[DATA UNDER STUDY]

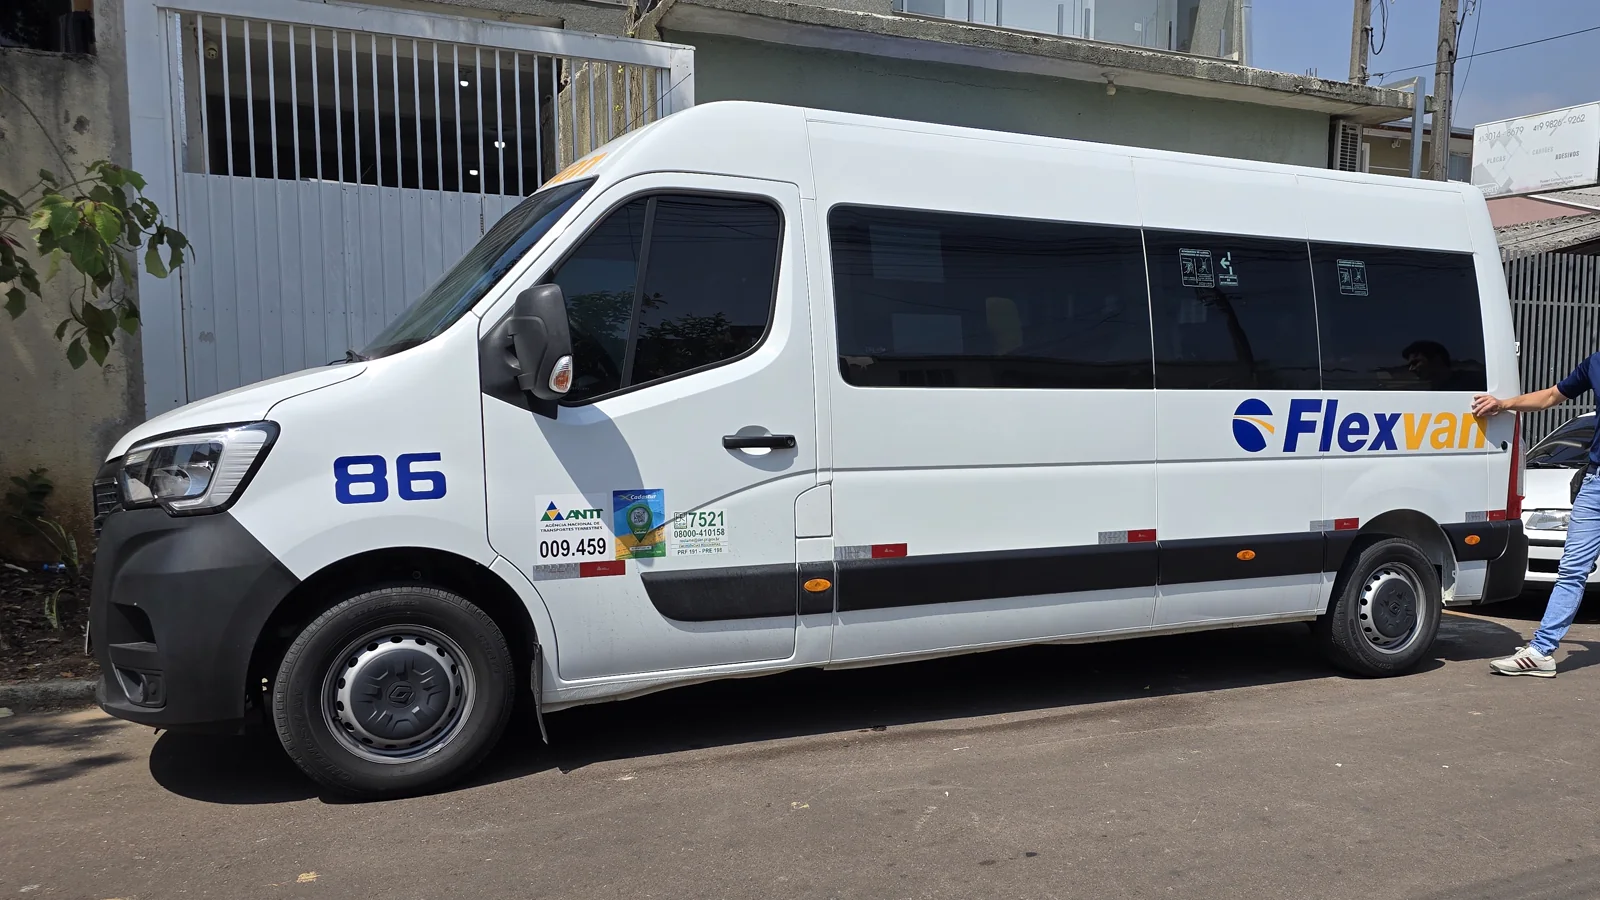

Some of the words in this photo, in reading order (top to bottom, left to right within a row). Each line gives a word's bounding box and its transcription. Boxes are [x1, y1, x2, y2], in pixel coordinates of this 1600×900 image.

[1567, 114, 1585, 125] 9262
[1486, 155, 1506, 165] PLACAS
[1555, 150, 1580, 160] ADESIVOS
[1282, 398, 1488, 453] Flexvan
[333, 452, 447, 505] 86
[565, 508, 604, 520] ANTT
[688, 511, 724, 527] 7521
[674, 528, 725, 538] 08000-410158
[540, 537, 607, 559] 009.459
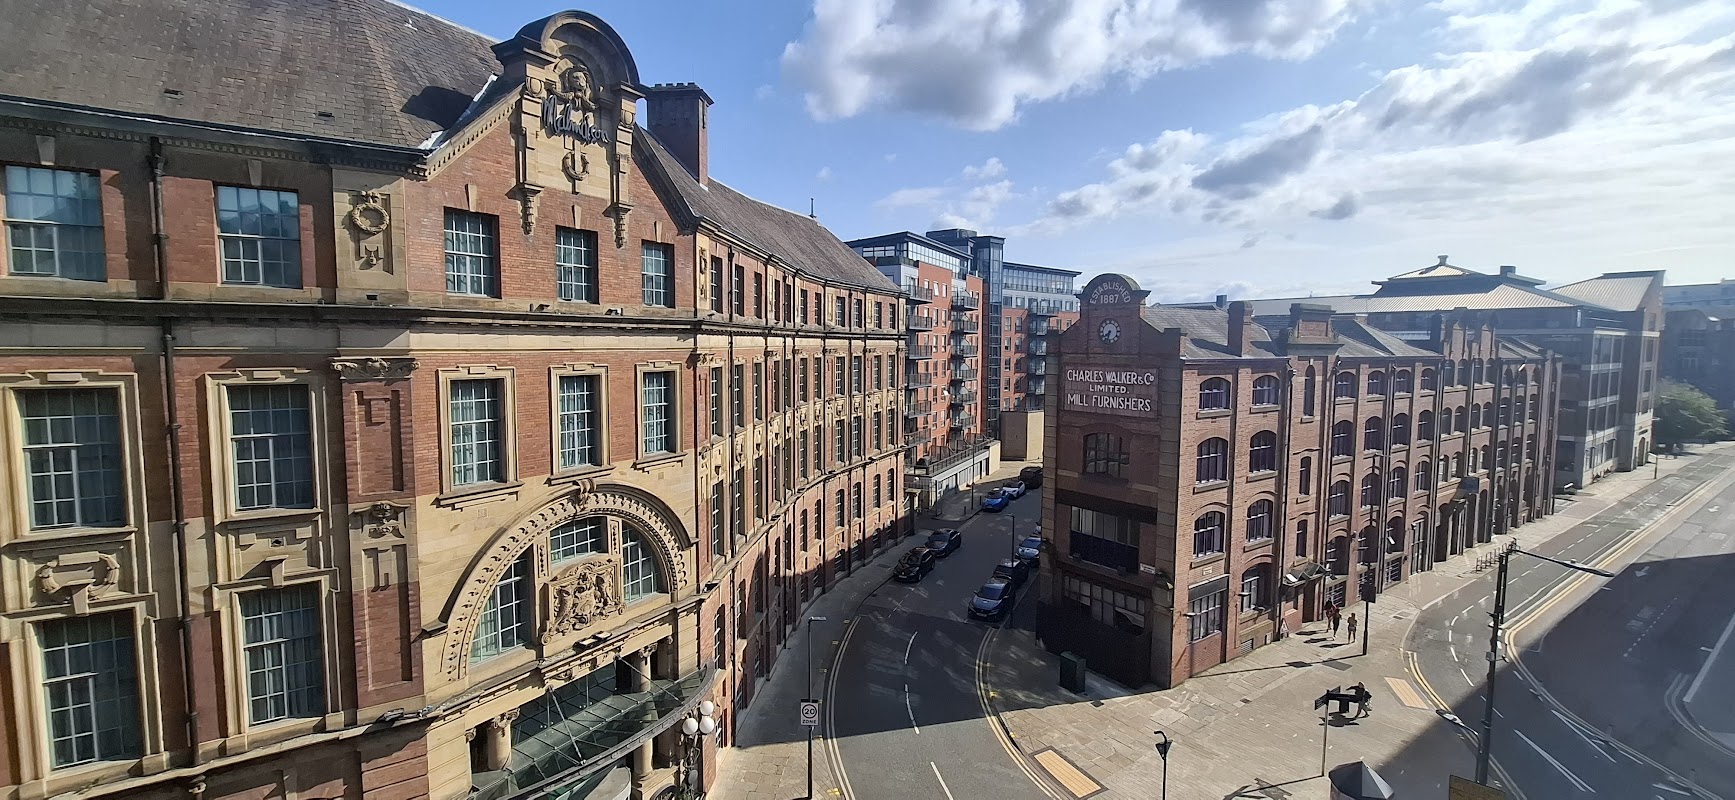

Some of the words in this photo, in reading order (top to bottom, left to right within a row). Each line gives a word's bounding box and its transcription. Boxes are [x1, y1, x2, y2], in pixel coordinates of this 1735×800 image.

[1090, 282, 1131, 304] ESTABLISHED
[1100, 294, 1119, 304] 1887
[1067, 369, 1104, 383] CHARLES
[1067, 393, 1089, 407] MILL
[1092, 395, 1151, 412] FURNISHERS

[/DATA UNDER STUDY]

• **PROBLEM STATEMENT**
Produce an exact reprint of the entries, dropping the images.

• **RESULT FOR THIS TASK**
Some of the words in this photo, in reading order (top to bottom, left to right within a row). Each line gives a word's bounding box and its transcription. Boxes are [x1, y1, x2, y2], in pixel coordinates of this 1600×900 image.

[1567, 114, 1585, 125] 9262
[1486, 155, 1506, 165] PLACAS
[1555, 150, 1580, 160] ADESIVOS
[1282, 398, 1488, 453] Flexvan
[333, 452, 447, 505] 86
[565, 508, 604, 520] ANTT
[688, 511, 724, 527] 7521
[674, 528, 725, 538] 08000-410158
[540, 537, 607, 559] 009.459

Some of the words in this photo, in reading order (top to bottom, left to right within a row). Each line gives a word's bounding box and its transcription. Boxes are [x1, y1, x2, y2], in pixel coordinates of this 1735×800 image.

[1090, 282, 1131, 304] ESTABLISHED
[1100, 294, 1119, 304] 1887
[1067, 369, 1104, 383] CHARLES
[1067, 393, 1089, 407] MILL
[1092, 395, 1151, 412] FURNISHERS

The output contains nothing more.